### The input
----
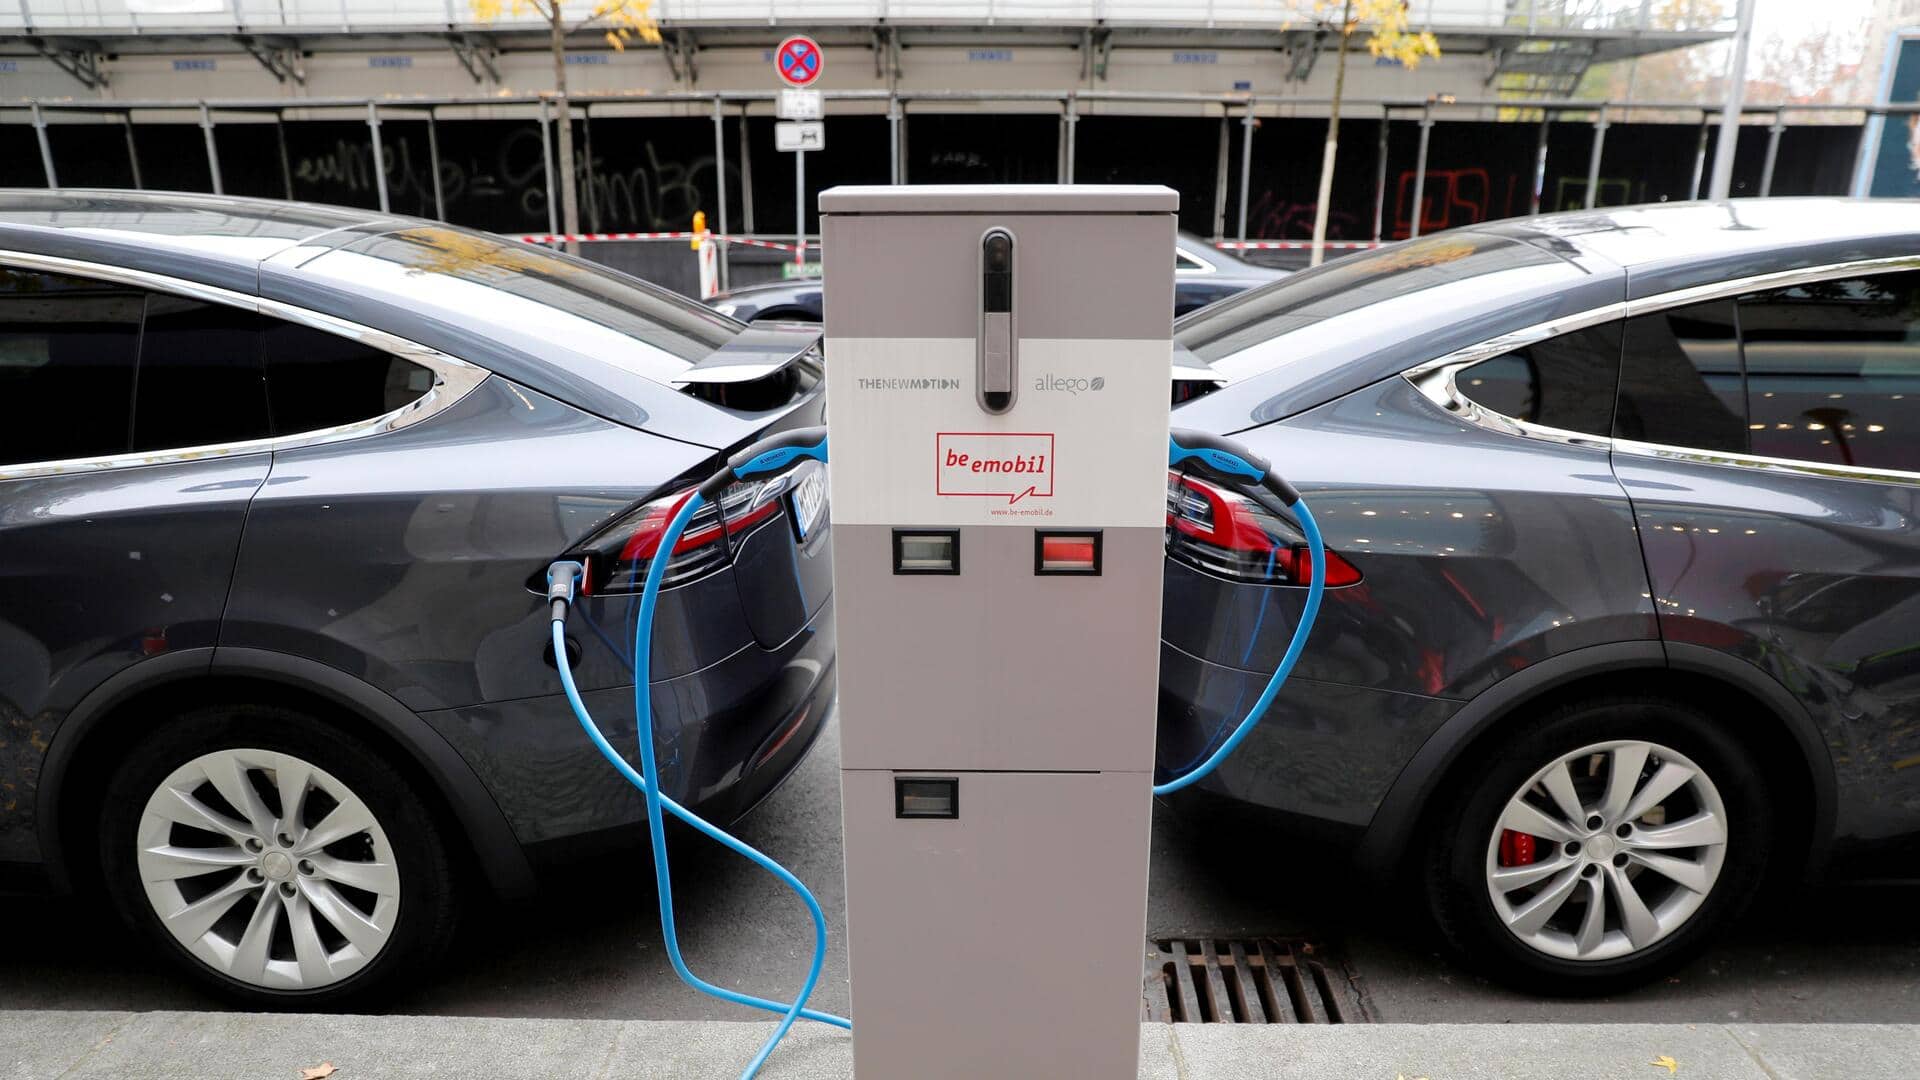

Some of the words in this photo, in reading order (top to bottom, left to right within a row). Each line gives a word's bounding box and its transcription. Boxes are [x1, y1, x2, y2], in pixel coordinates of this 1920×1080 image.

[1035, 373, 1089, 395] allego
[946, 448, 969, 467] be
[971, 455, 1045, 473] emobil
[991, 508, 1053, 516] www.be-emobil.de
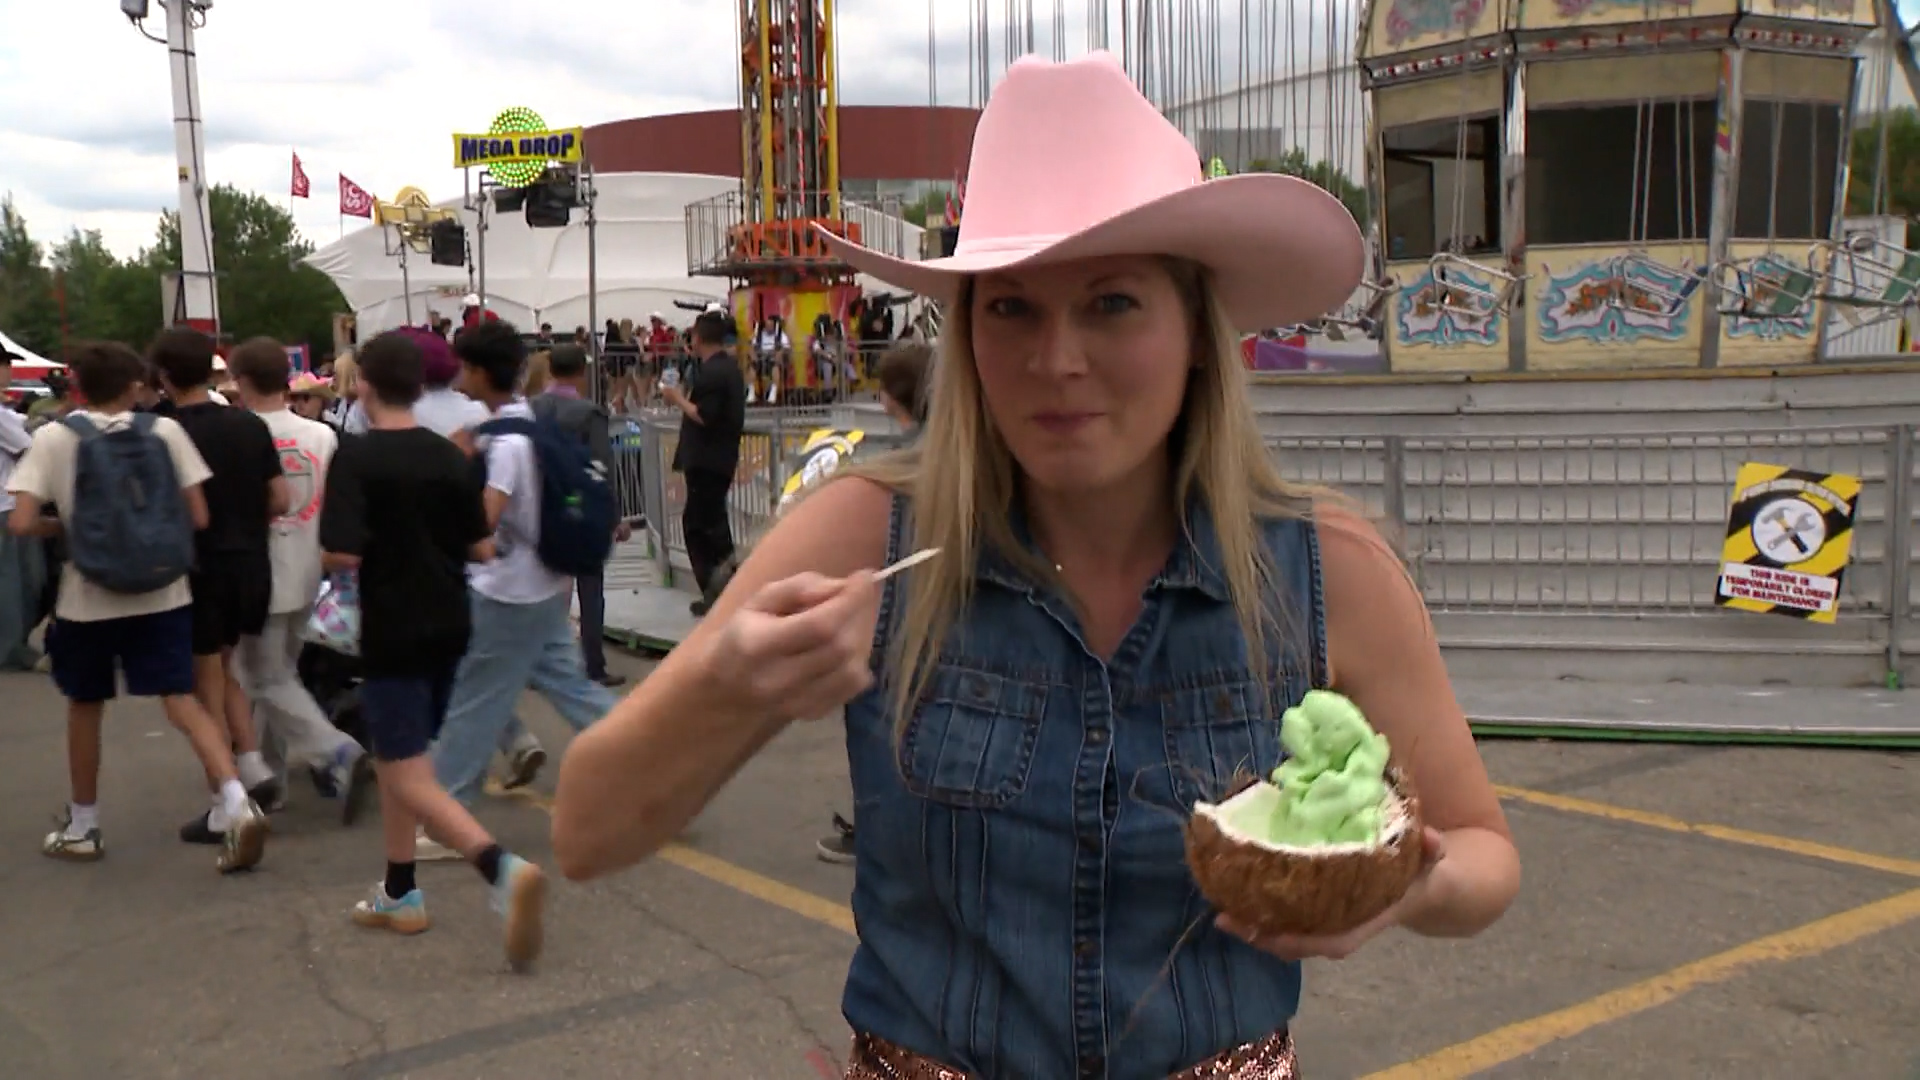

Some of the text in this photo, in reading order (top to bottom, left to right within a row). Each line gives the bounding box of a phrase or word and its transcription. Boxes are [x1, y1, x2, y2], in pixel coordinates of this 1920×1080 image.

[461, 132, 574, 162] MEGA DROP
[1726, 575, 1832, 600] TEMPORARILY CLOSED
[1751, 569, 1809, 586] THIS RIDE IS
[1731, 586, 1821, 609] FOR MAINTENANCE
----
### Directions for this task
A faithful, complete copy of the entries is required, without the pictures.

### Answer to the exercise
Some of the words in this photo, in reading order (top to bottom, left to right within a row). Each line gives a word's bounding box and its transcription. Boxes are [x1, y1, x2, y2], in pixel coordinates of this 1920×1080 image.

[1035, 373, 1089, 395] allego
[946, 448, 969, 467] be
[971, 455, 1045, 473] emobil
[991, 508, 1053, 516] www.be-emobil.de

Some of the text in this photo, in reading order (top to bottom, left to right within a row). Each line gives the bounding box of a phrase or word and its transcription. Boxes are [x1, y1, x2, y2], in pixel coordinates of this 1920×1080 image.

[461, 132, 574, 162] MEGA DROP
[1726, 575, 1832, 600] TEMPORARILY CLOSED
[1751, 569, 1809, 586] THIS RIDE IS
[1731, 586, 1821, 609] FOR MAINTENANCE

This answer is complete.